For others, like Stoermer and Crutzen, it is the Industrial Revolution that initiates the Anthropocene, while for yet others the Anthropocene began on 6 August 1945 with the explosion of the atomic bomb over Hiroshima (Kunkel, 2017: 22)

However, Donna Haraway proposes that, for all of the failings of the Anthropos and the Anthropocene, and all of the strengths of both, the figure of the Anthropos is not responsible for the processes that threatens mass extinction. Rather, she suggests, if we were to use only one word for the processes that we are talking about, it should be the Capitalocene. It should be noted in passing that geologists use the suffix -cene, derived from the Greek word for new, to designate recent geological eras.

Haraway also argues that a third term is needed: Chthulucene, a word derived from chthon, meaning “earth” in Greek and which is associated with things that dwell in or under the earth. The Cthulucene, for Haraway, refers to processes of reworlding. She suggests it is more like a process of composting than one of being Posthuman. The path towards something that might possibly have a chance of living on, Haraway argues, is through the activation of the chthonic powers that are within our grasp, as we collect up the waste of the Anthropocene and the exterminism of the Capitalocene.

For a review of three books published in 2015-2016 on the topic of the Anthropocene, see Kunkel (2017).

Discussion

Lemmens and Hui (2017) suggest that Peter Sloterdijk, approaching it from an anthropotechnic perspective, and Bernard Stiegler, from an anthropotechnogenic perspective, both offer interesting and pertinent philosophical diagnoses of the Anthropocene. For both, the Anthropocene marks the necessity, for the anthropos, radically to change the course and the very nature of the technogenic adventure from which it is born and upon which it vitally depends. Both also suggest a response to the Anthropocene: a homeotechnological revolution in the case of Sloterdijk; and a negentropic turn of technology in the case of Stiegler. In both cases, this is immediately a technopolitical issue, entailing an immunopolitics for Sloterdijk and a pharmacological noopolitics for Stiegler.

References

Haraway, D. (2014). Anthropocene, capitalocene, chthulucene: staying with the trouble. Open Transcripts. Available from http://opentranscripts.org/transcript/anthropocene-capitalocene-chthulucene/ [Accessed 23 December 2016].
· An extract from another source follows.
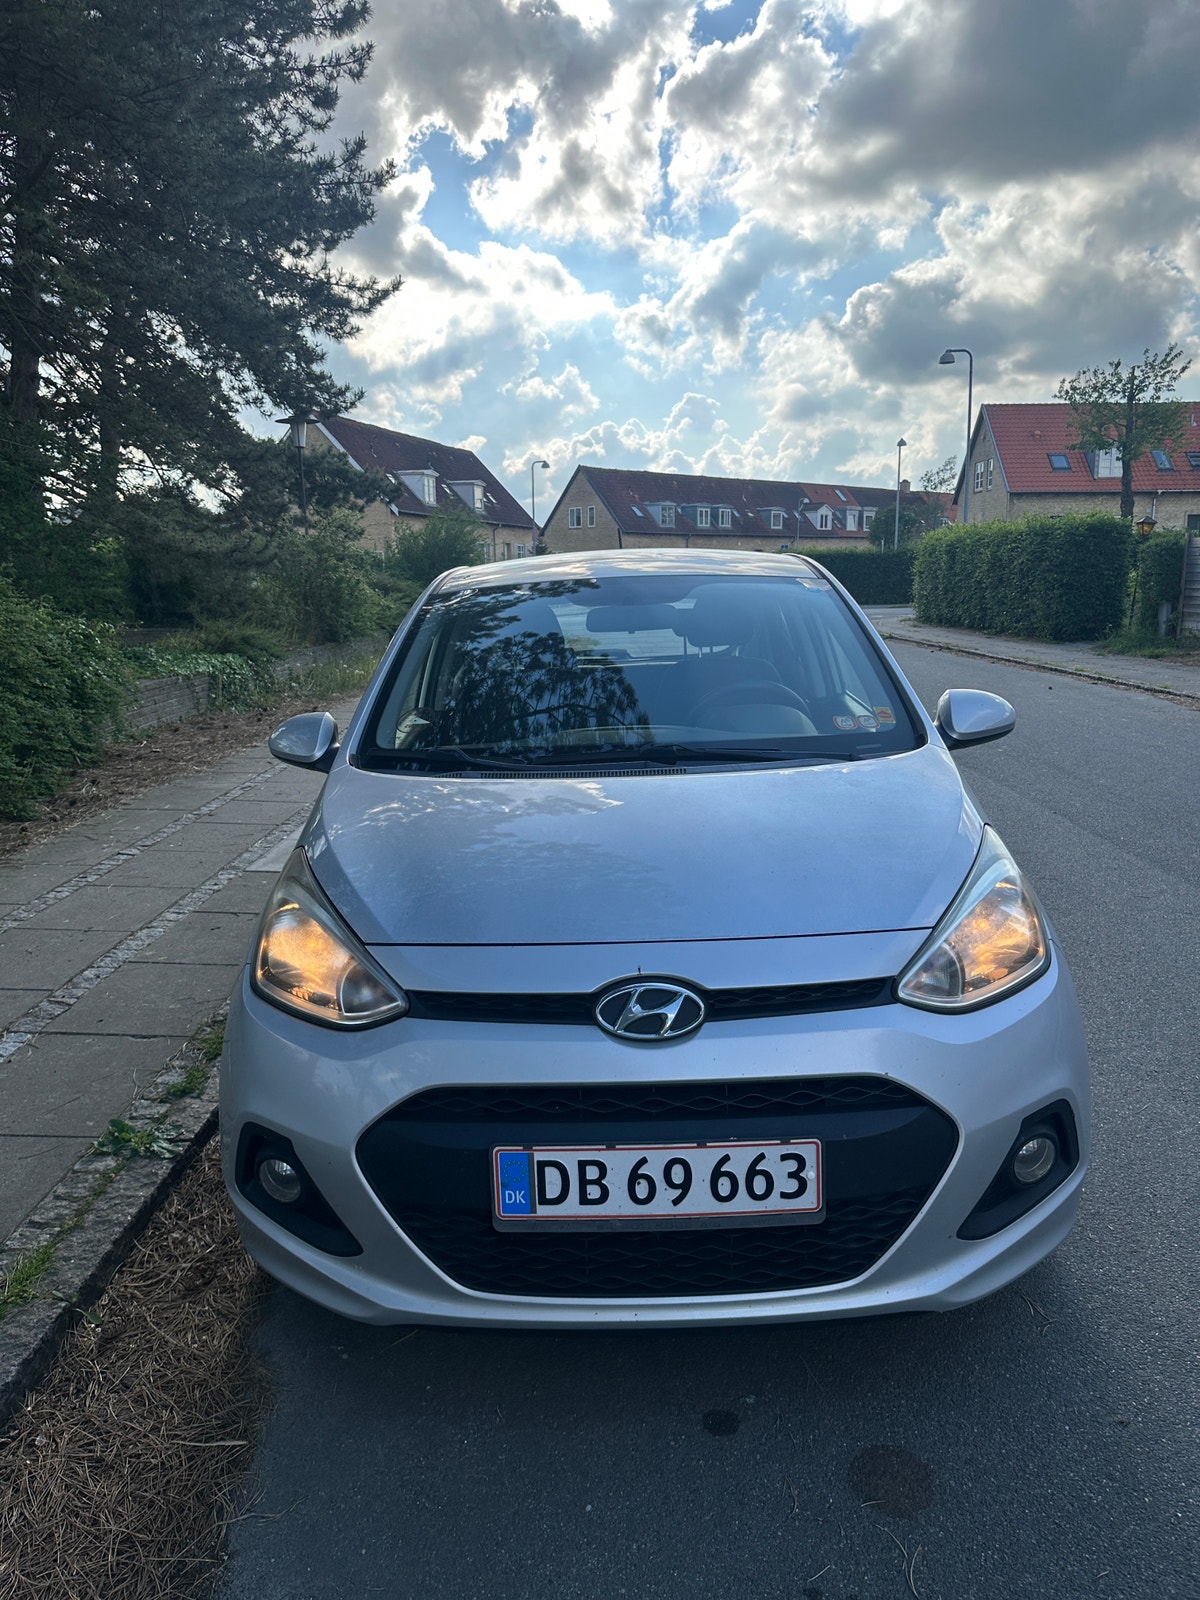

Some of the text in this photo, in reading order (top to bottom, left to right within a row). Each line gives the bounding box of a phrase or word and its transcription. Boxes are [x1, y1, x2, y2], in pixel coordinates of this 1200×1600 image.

[536, 1151, 809, 1207] DB 69 663
[505, 1190, 526, 1204] DK
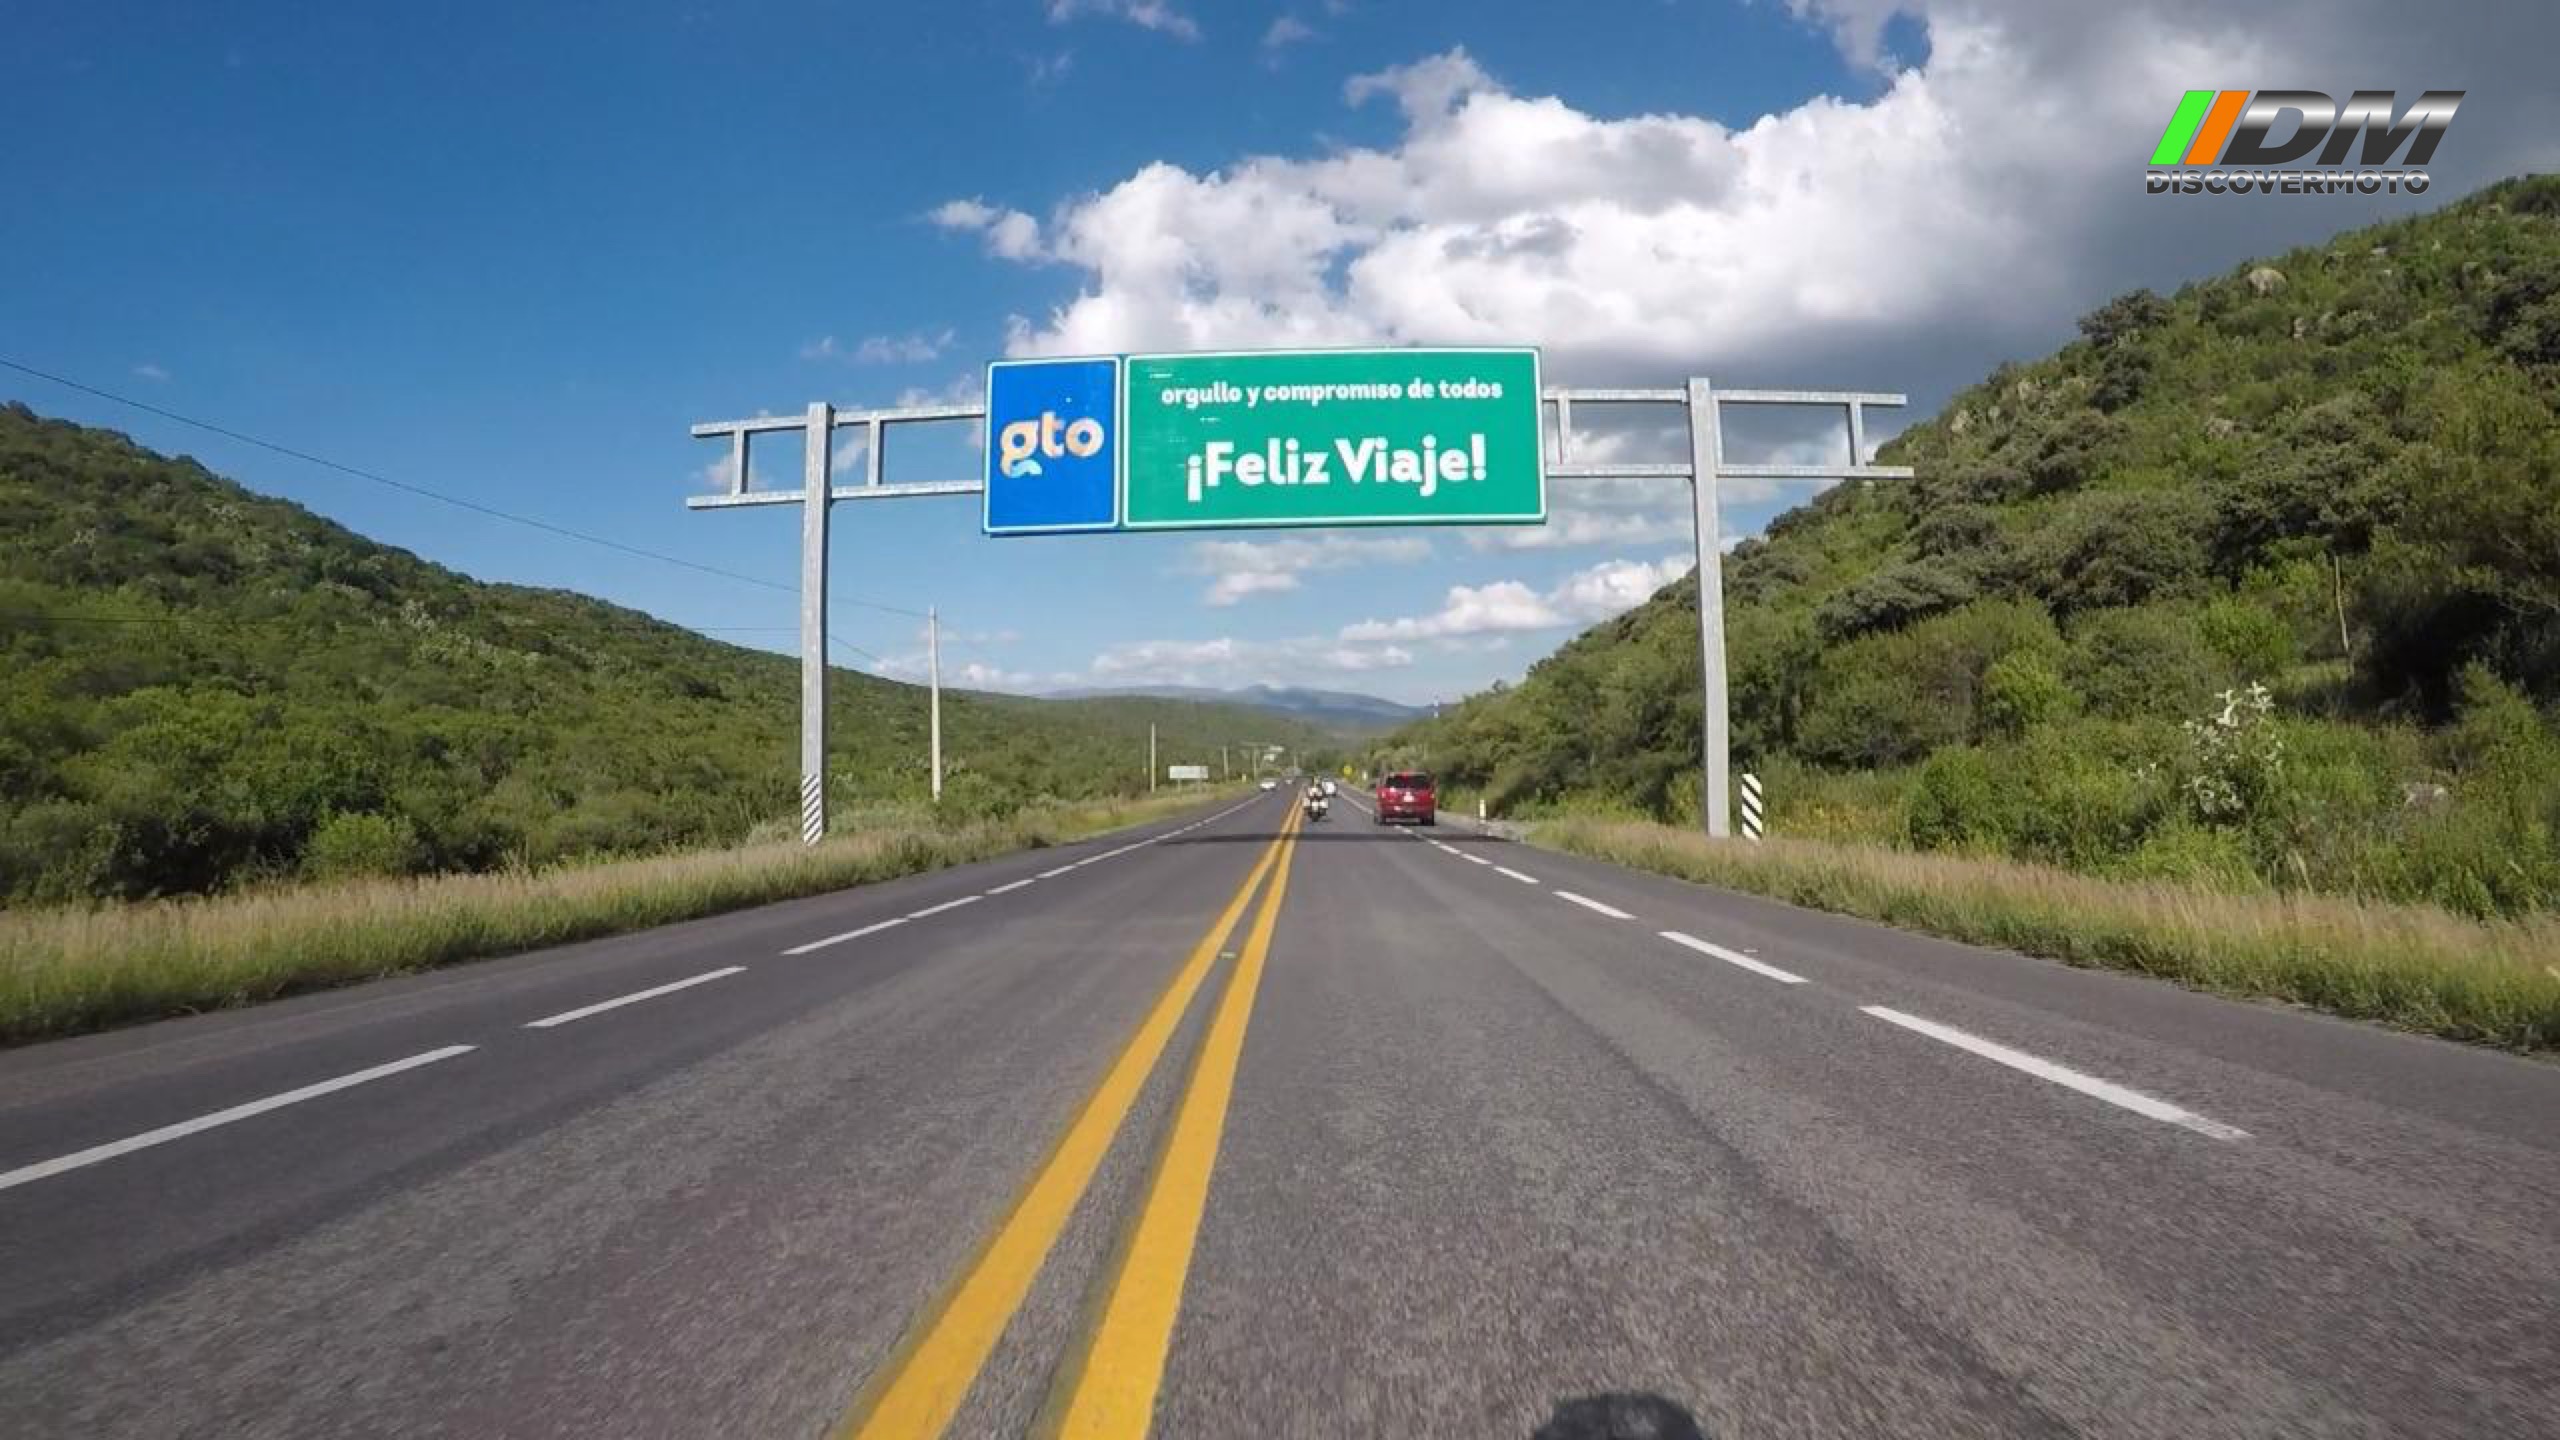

Kunkel, B. (2017). The Capitalocene. London Review of Books, 39 (5), 22–28. Available from https://www.lrb.co.uk/v39/n05/benjamin-kunkel/the-capitalocene [Accessed 1 March 2017].

Lemmens, P. and Hui, Y. (2017) ‘Reframing the technosphere: Peter Sloterdijk and Bernard Stiegler’s anthropotechnological diagnoses of the Anthropocene’, Krisis: Journal for Contemporary Philosophy, 2, pp. 26–41.